* YOUR INSTRUCTIONS:
The answer is the exact run of lines in the listing below from the line containing "this 2048×1354 image." up to and including the line containing "this 1650×1100 image.", with pictures removed.

* DATA FOR PROCESSING:
_ _ _ _ _ _ _

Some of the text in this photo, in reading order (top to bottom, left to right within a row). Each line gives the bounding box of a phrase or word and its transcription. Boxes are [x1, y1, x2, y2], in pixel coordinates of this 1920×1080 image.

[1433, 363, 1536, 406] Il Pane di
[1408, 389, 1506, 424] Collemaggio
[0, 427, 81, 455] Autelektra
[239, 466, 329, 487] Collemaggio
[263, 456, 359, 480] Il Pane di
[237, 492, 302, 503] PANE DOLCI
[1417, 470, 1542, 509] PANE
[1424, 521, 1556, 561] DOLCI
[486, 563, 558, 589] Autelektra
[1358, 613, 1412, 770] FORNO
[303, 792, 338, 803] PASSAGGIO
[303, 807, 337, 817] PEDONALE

_ _ _ _ _ _ _

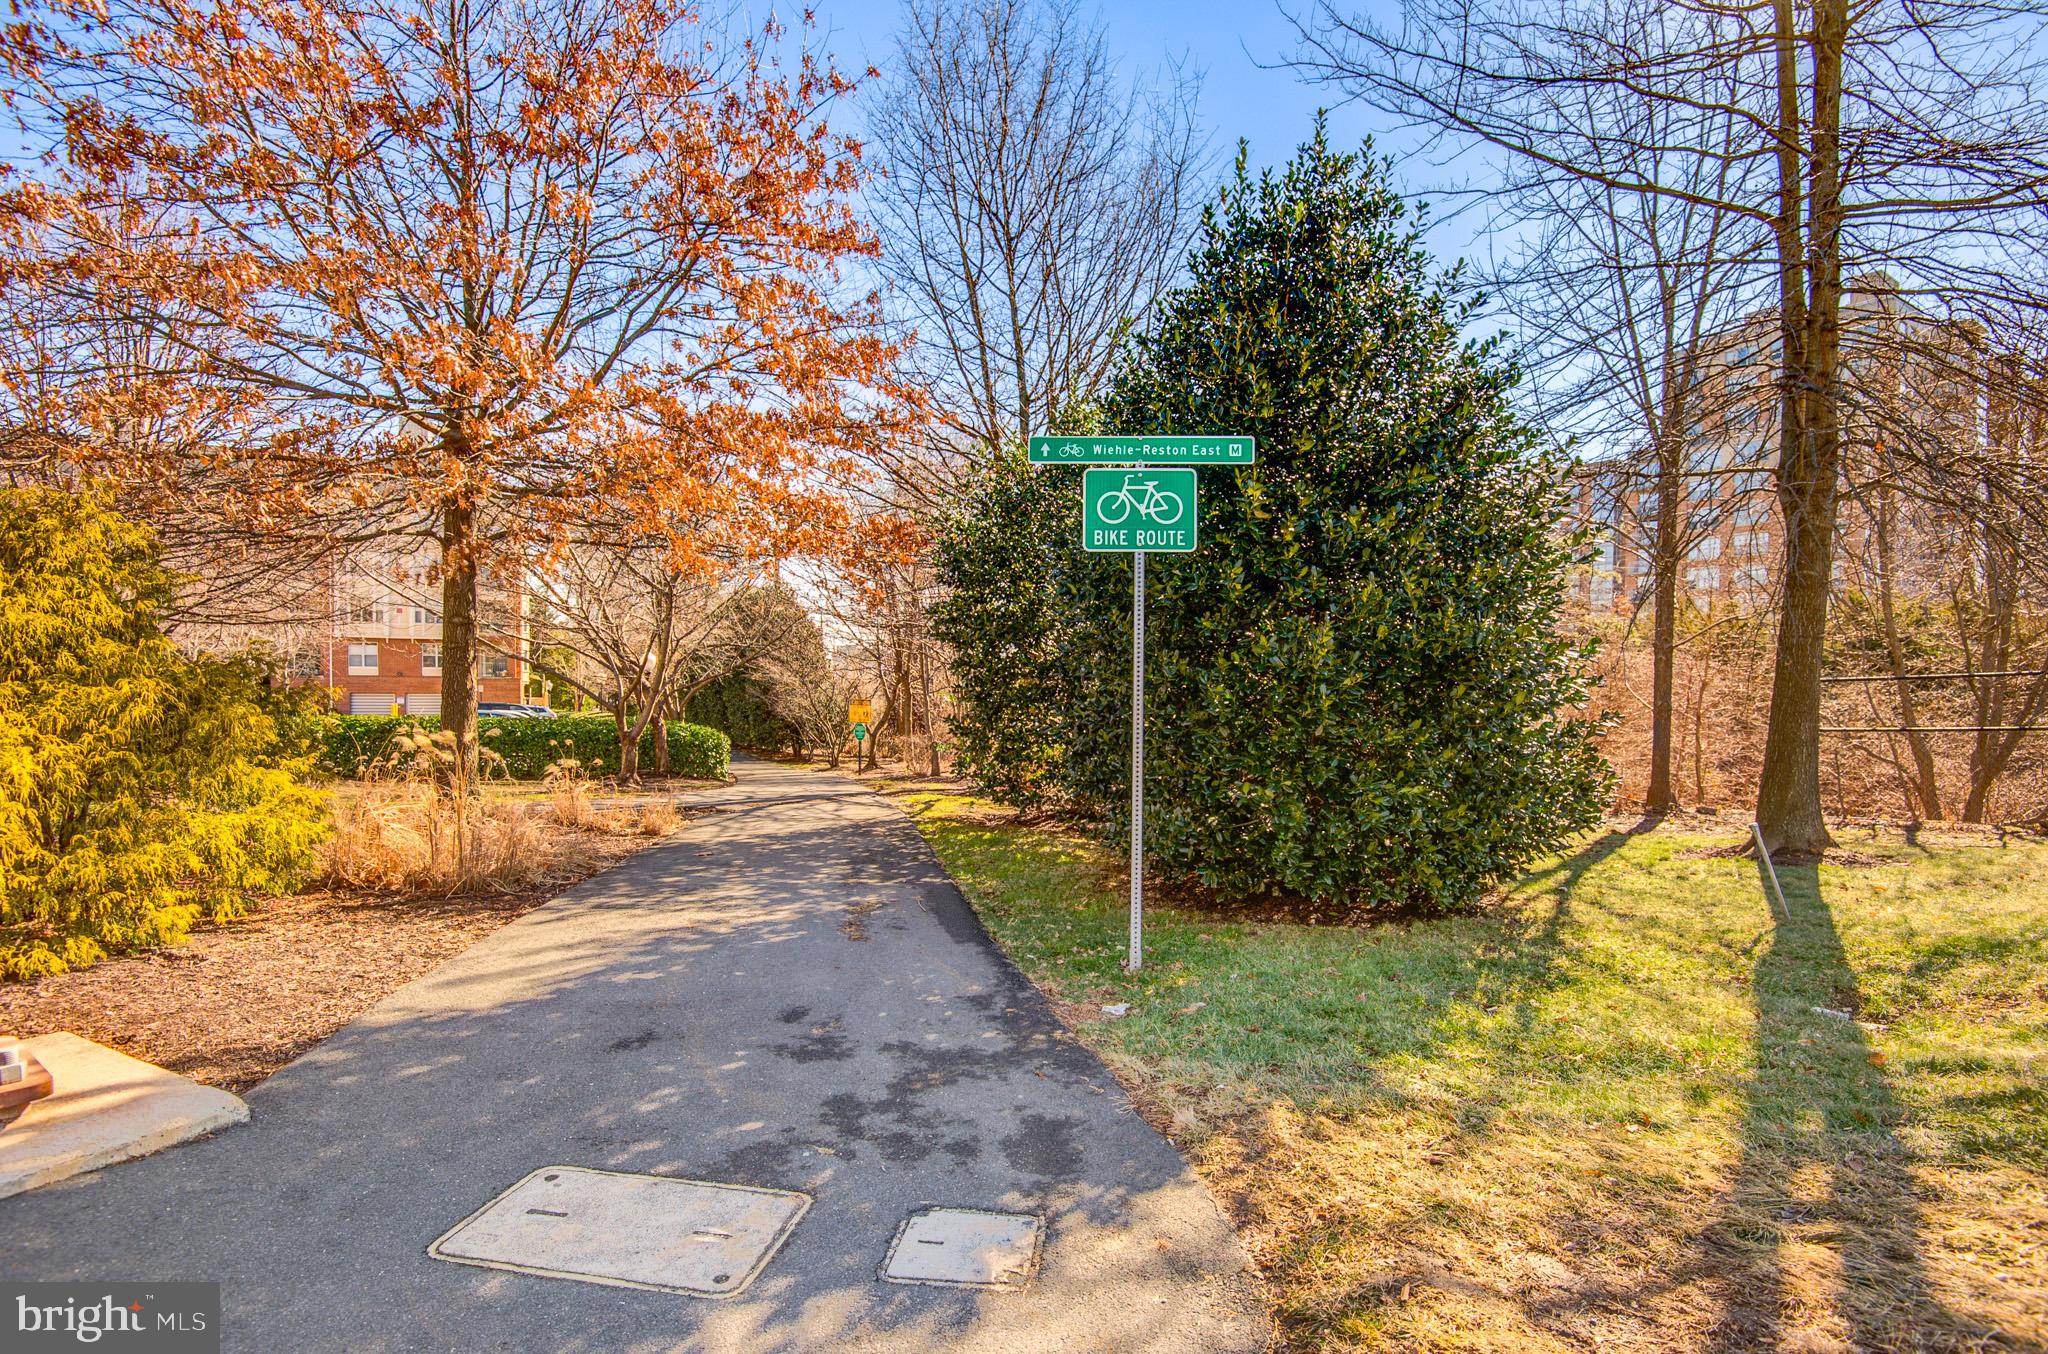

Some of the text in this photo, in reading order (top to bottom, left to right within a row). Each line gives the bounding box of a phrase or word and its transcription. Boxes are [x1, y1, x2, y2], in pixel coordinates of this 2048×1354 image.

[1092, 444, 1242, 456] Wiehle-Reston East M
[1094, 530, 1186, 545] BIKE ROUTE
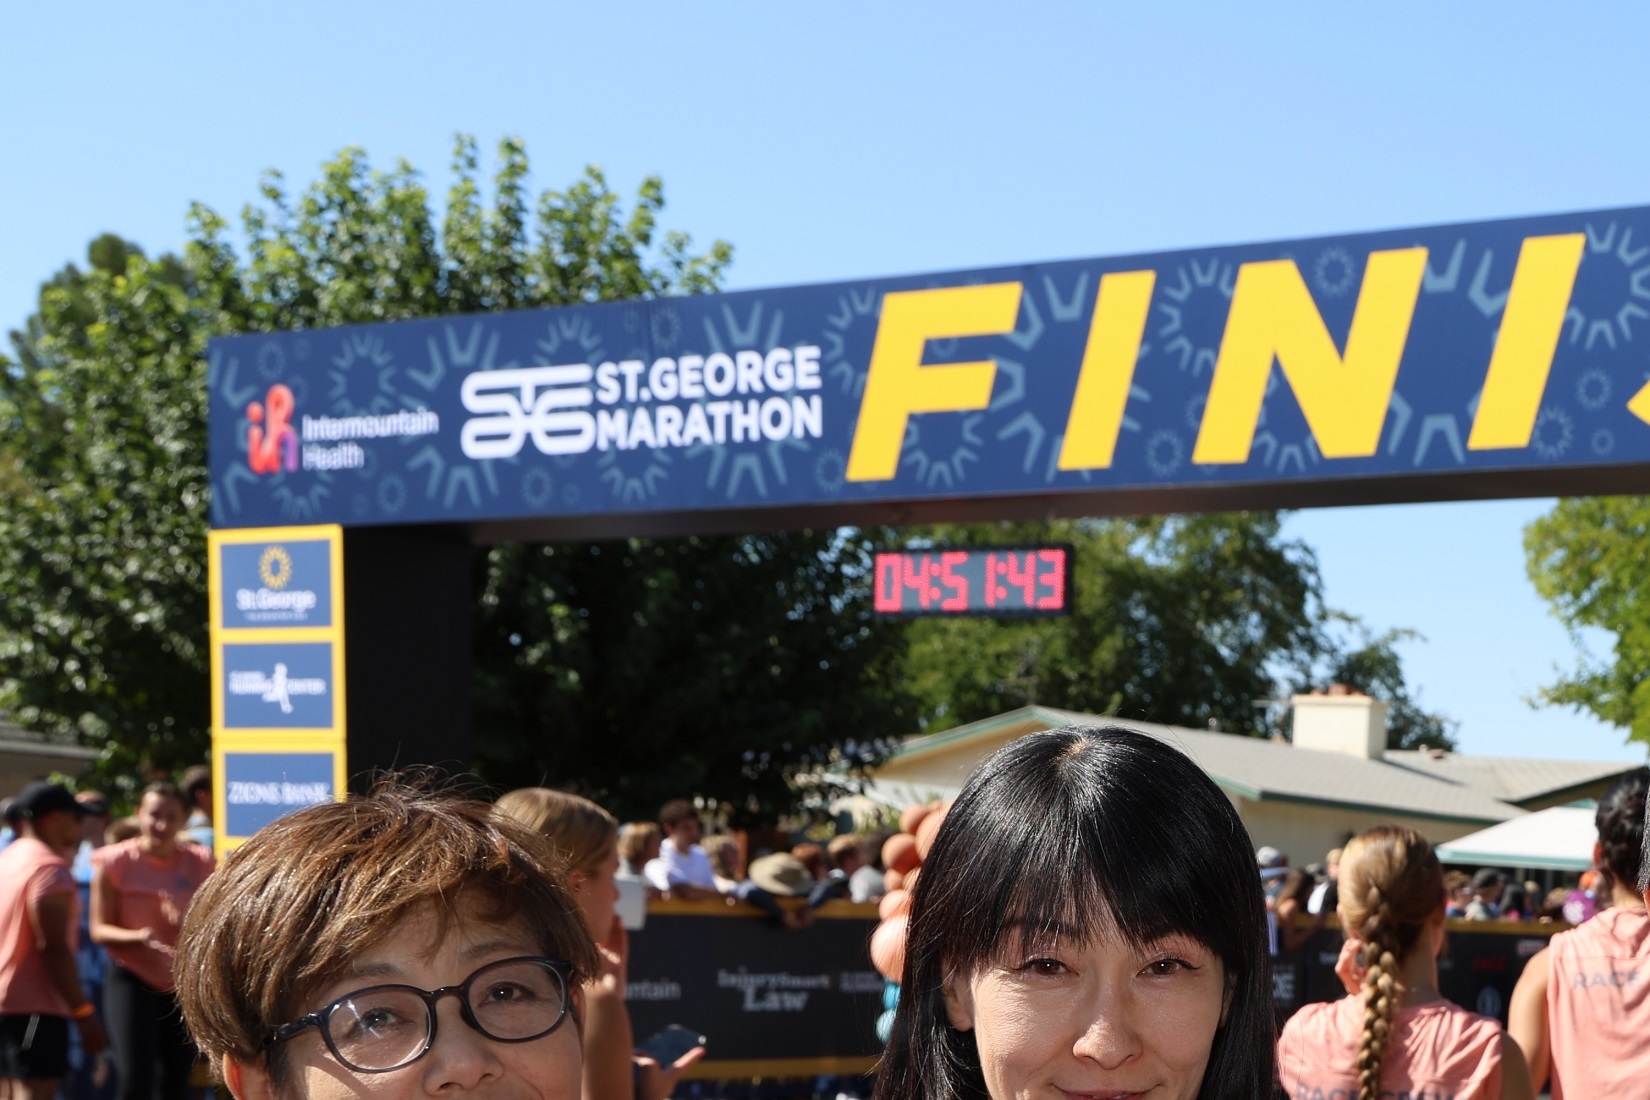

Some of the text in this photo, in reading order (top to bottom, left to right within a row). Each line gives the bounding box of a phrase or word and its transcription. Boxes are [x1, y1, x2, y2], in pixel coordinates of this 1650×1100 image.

_ _ _ _ _ _ _

* EXERCISE RESULT:
Some of the text in this photo, in reading order (top to bottom, left to right within a row). Each line gives the bounding box of a phrase or word and its transcription. Boxes are [x1, y1, x2, y2], in pixel coordinates of this 2048×1354 image.

[1092, 444, 1242, 456] Wiehle-Reston East M
[1094, 530, 1186, 545] BIKE ROUTE

Some of the text in this photo, in reading order (top to bottom, left to right within a row). Each line gives the bounding box of a phrase or word and its transcription. Boxes are [x1, y1, x2, y2], in pixel coordinates of this 1650×1100 image.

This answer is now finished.